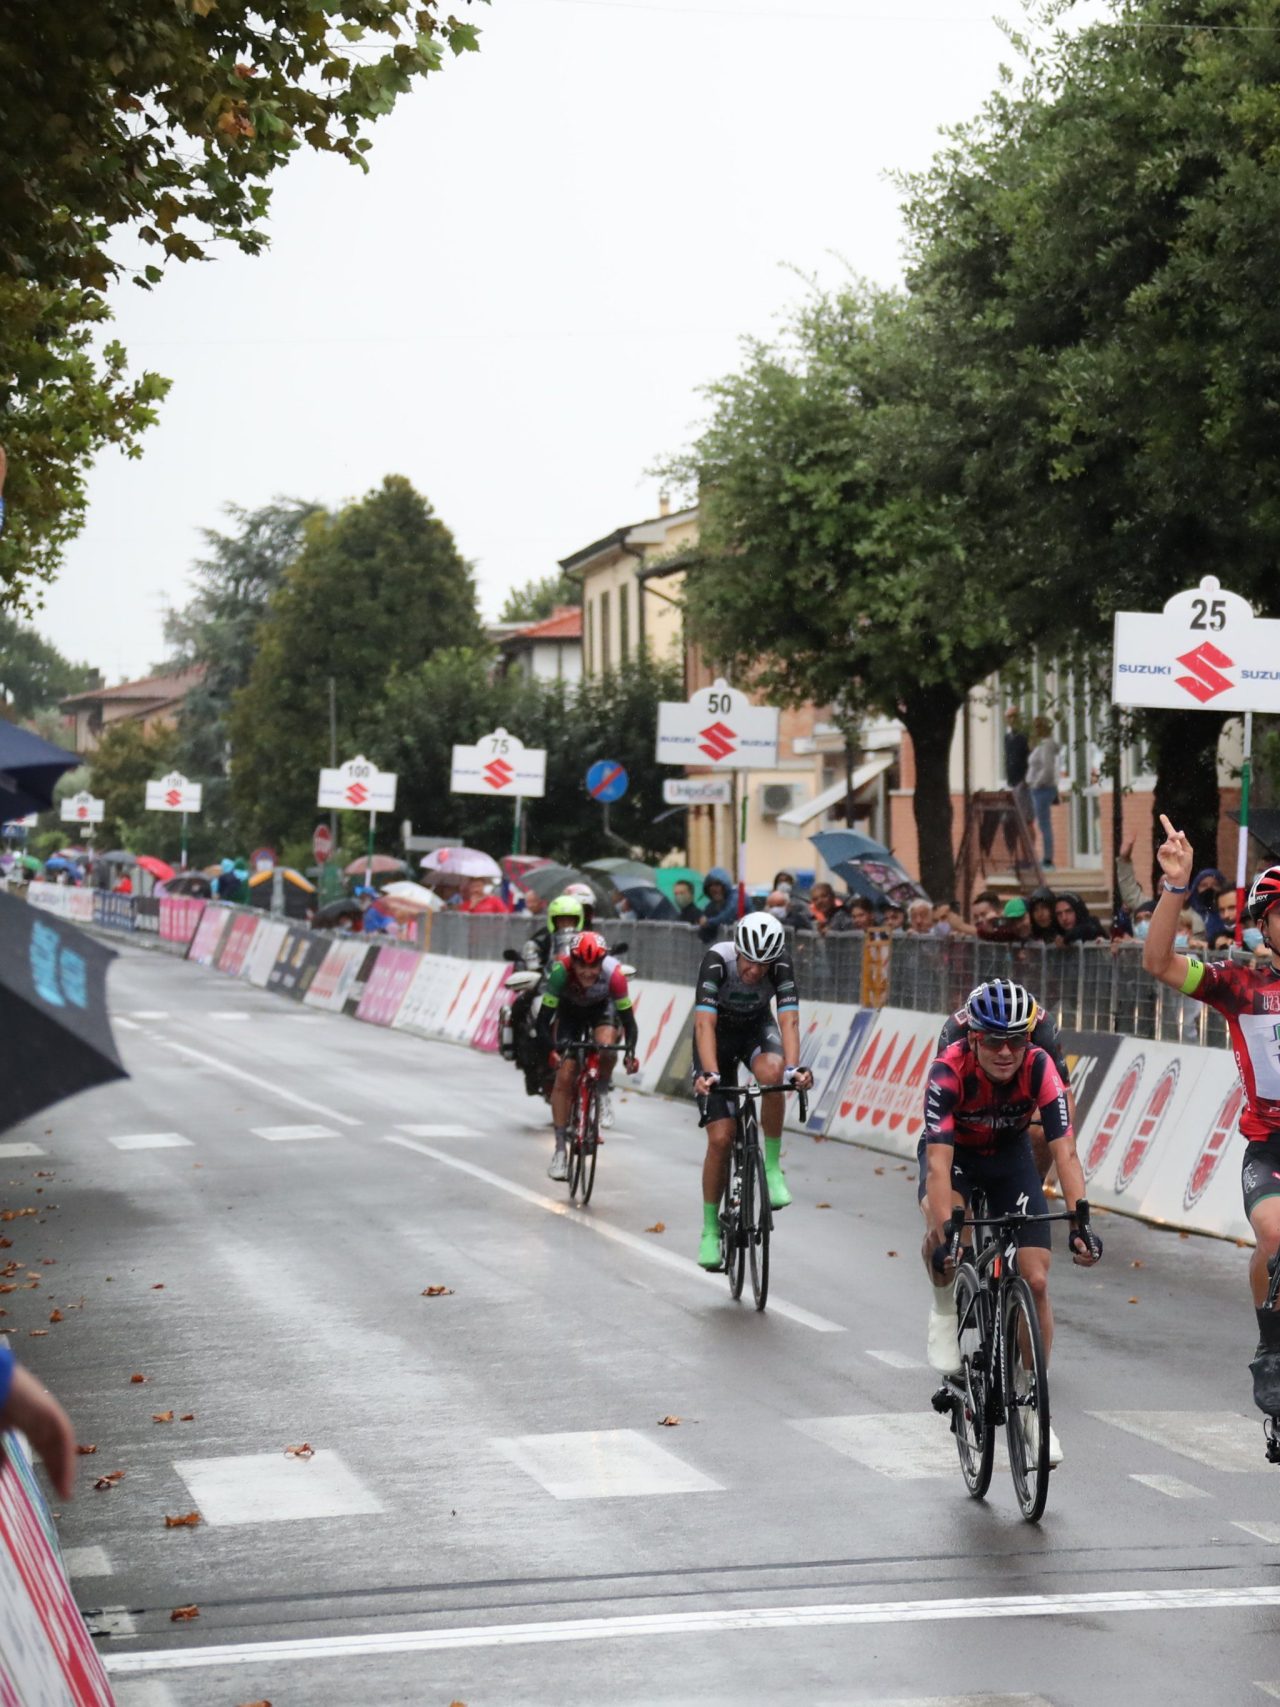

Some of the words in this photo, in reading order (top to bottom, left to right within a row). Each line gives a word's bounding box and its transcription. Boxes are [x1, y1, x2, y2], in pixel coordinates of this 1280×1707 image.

[1190, 599, 1226, 631] 25
[1118, 664, 1171, 675] SUZUKI
[708, 694, 731, 715] 50
[491, 739, 509, 754] 75
[348, 766, 370, 779] 100
[928, 1079, 943, 1134] MAAP
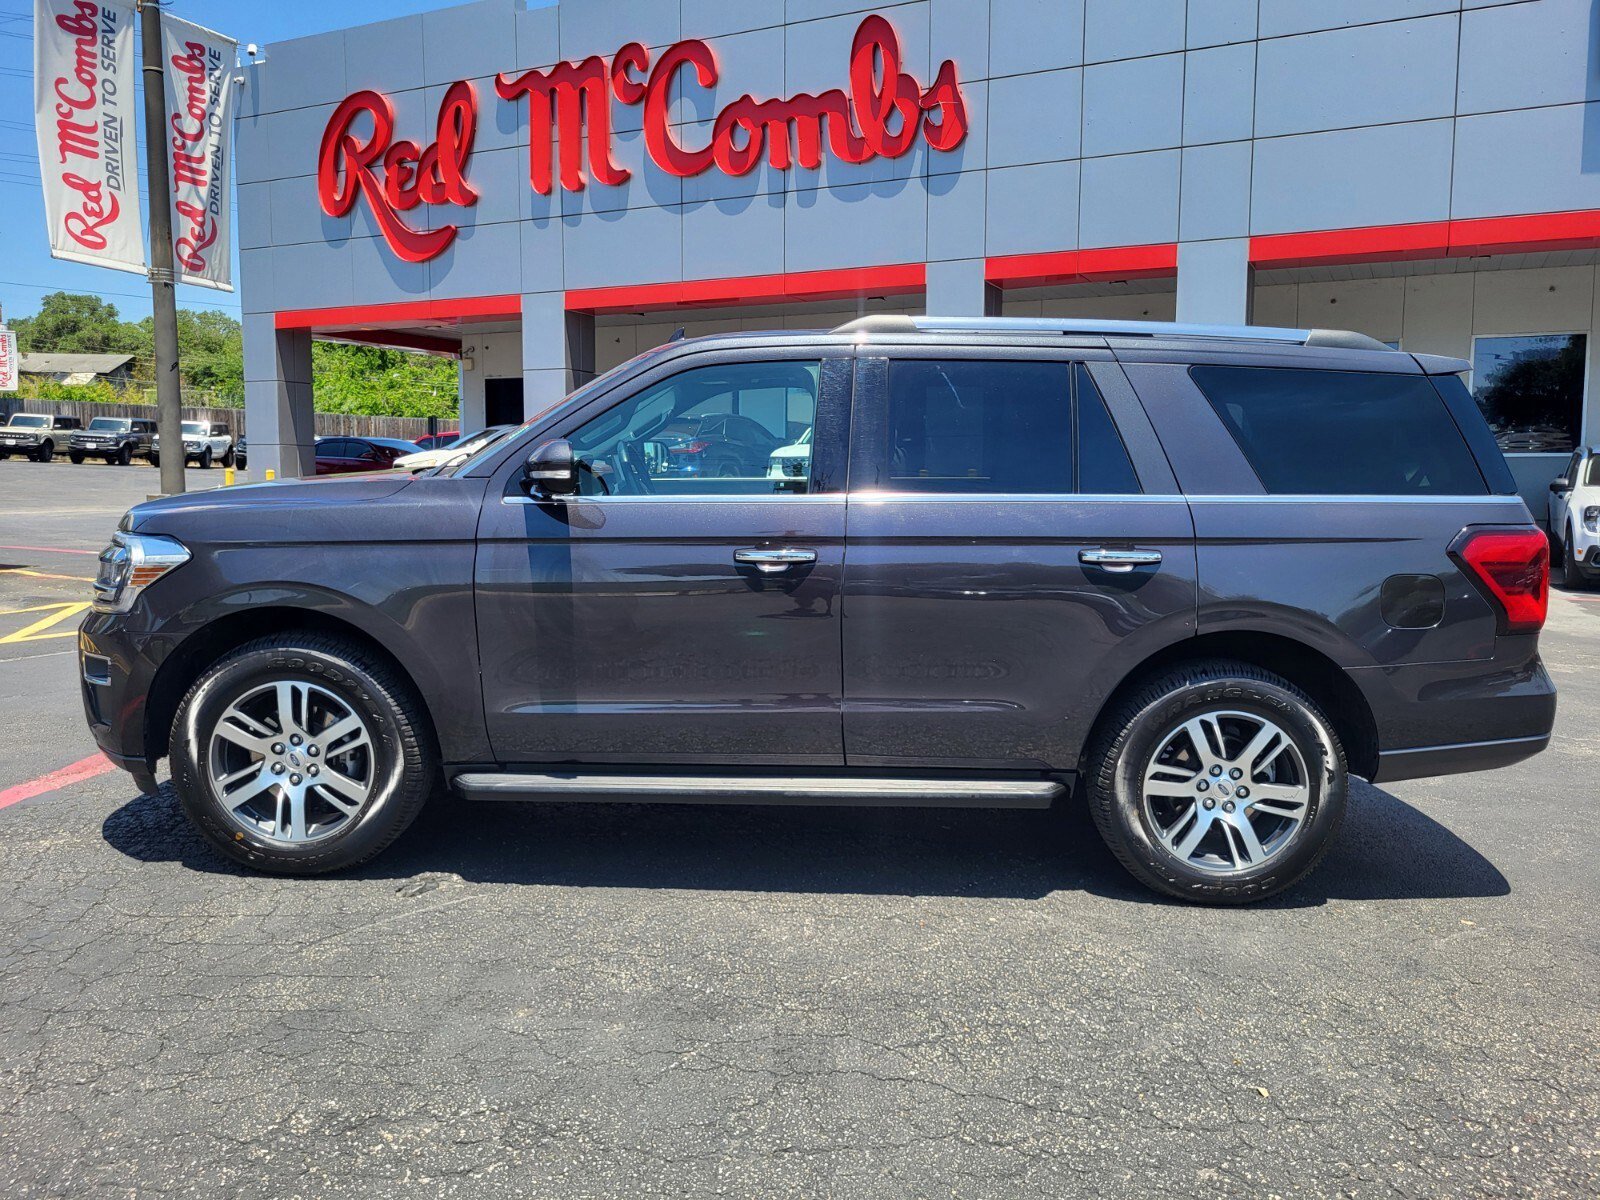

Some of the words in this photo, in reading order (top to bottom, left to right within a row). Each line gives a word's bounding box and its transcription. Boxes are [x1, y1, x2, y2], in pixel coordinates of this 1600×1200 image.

[101, 7, 117, 75] SERVE
[208, 46, 222, 108] SERVE
[54, 0, 99, 164] McCombs
[101, 78, 118, 107] TO
[171, 41, 208, 193] McCombs
[103, 112, 122, 192] DRIVEN
[208, 112, 222, 138] TO
[317, 80, 479, 263] Red
[495, 14, 968, 195] McCombs
[62, 172, 120, 250] Red
[208, 146, 223, 216] DRIVEN
[175, 200, 218, 272] Red
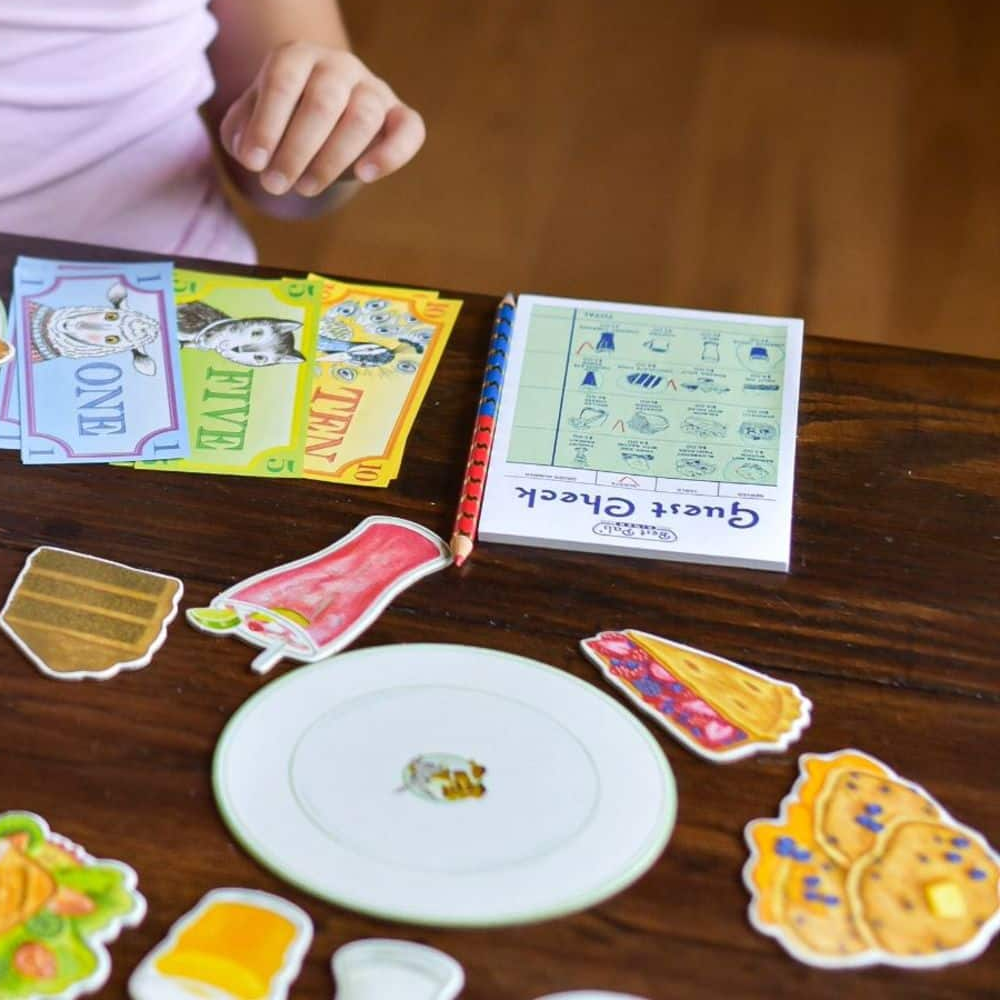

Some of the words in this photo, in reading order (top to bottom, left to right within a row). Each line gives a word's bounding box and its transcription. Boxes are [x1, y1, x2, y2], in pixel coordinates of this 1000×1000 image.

[136, 273, 162, 284] 1
[287, 283, 315, 298] 5
[424, 300, 450, 319] 10
[75, 361, 127, 436] ONE
[195, 365, 255, 451] FIVE
[304, 385, 365, 464] TEN
[28, 447, 55, 457] 1
[153, 439, 180, 456] 1
[266, 456, 296, 473] 5
[353, 463, 383, 483] 10
[515, 486, 636, 518] Check
[651, 501, 761, 530] Guest
[636, 528, 672, 540] Best
┄┄┄┄┄┄
» **Exercise objective**: Word for word, set down every line of the records above, and leave the pictures out.

» **Answer to the problem**:
Some of the words in this photo, in reading order (top to bottom, left to right within a row). Each line gives a word's bounding box and its transcription. Boxes are [x1, y1, x2, y2], in pixel coordinates of this 1280×1707 image.

[1190, 599, 1226, 631] 25
[1118, 664, 1171, 675] SUZUKI
[708, 694, 731, 715] 50
[491, 739, 509, 754] 75
[348, 766, 370, 779] 100
[928, 1079, 943, 1134] MAAP

Some of the words in this photo, in reading order (top to bottom, left to right within a row). Each line gives a word's bounding box and its transcription. Boxes are [x1, y1, x2, y2], in pixel coordinates of this 1600×1200 image.

[101, 7, 117, 75] SERVE
[208, 46, 222, 108] SERVE
[54, 0, 99, 164] McCombs
[101, 78, 118, 107] TO
[171, 41, 208, 193] McCombs
[103, 112, 122, 192] DRIVEN
[208, 112, 222, 138] TO
[317, 80, 479, 263] Red
[495, 14, 968, 195] McCombs
[62, 172, 120, 250] Red
[208, 146, 223, 216] DRIVEN
[175, 200, 218, 272] Red

Some of the words in this photo, in reading order (top to bottom, left to right within a row). Each line gives a word's bounding box and its transcription. Boxes are [x1, y1, x2, y2], in pixel coordinates of this 1000×1000 image.

[136, 273, 162, 284] 1
[287, 283, 315, 298] 5
[424, 300, 450, 319] 10
[75, 361, 127, 436] ONE
[195, 365, 255, 451] FIVE
[304, 385, 365, 464] TEN
[28, 447, 55, 457] 1
[153, 439, 180, 456] 1
[266, 456, 296, 473] 5
[353, 463, 383, 483] 10
[515, 486, 636, 518] Check
[651, 501, 761, 530] Guest
[636, 528, 672, 540] Best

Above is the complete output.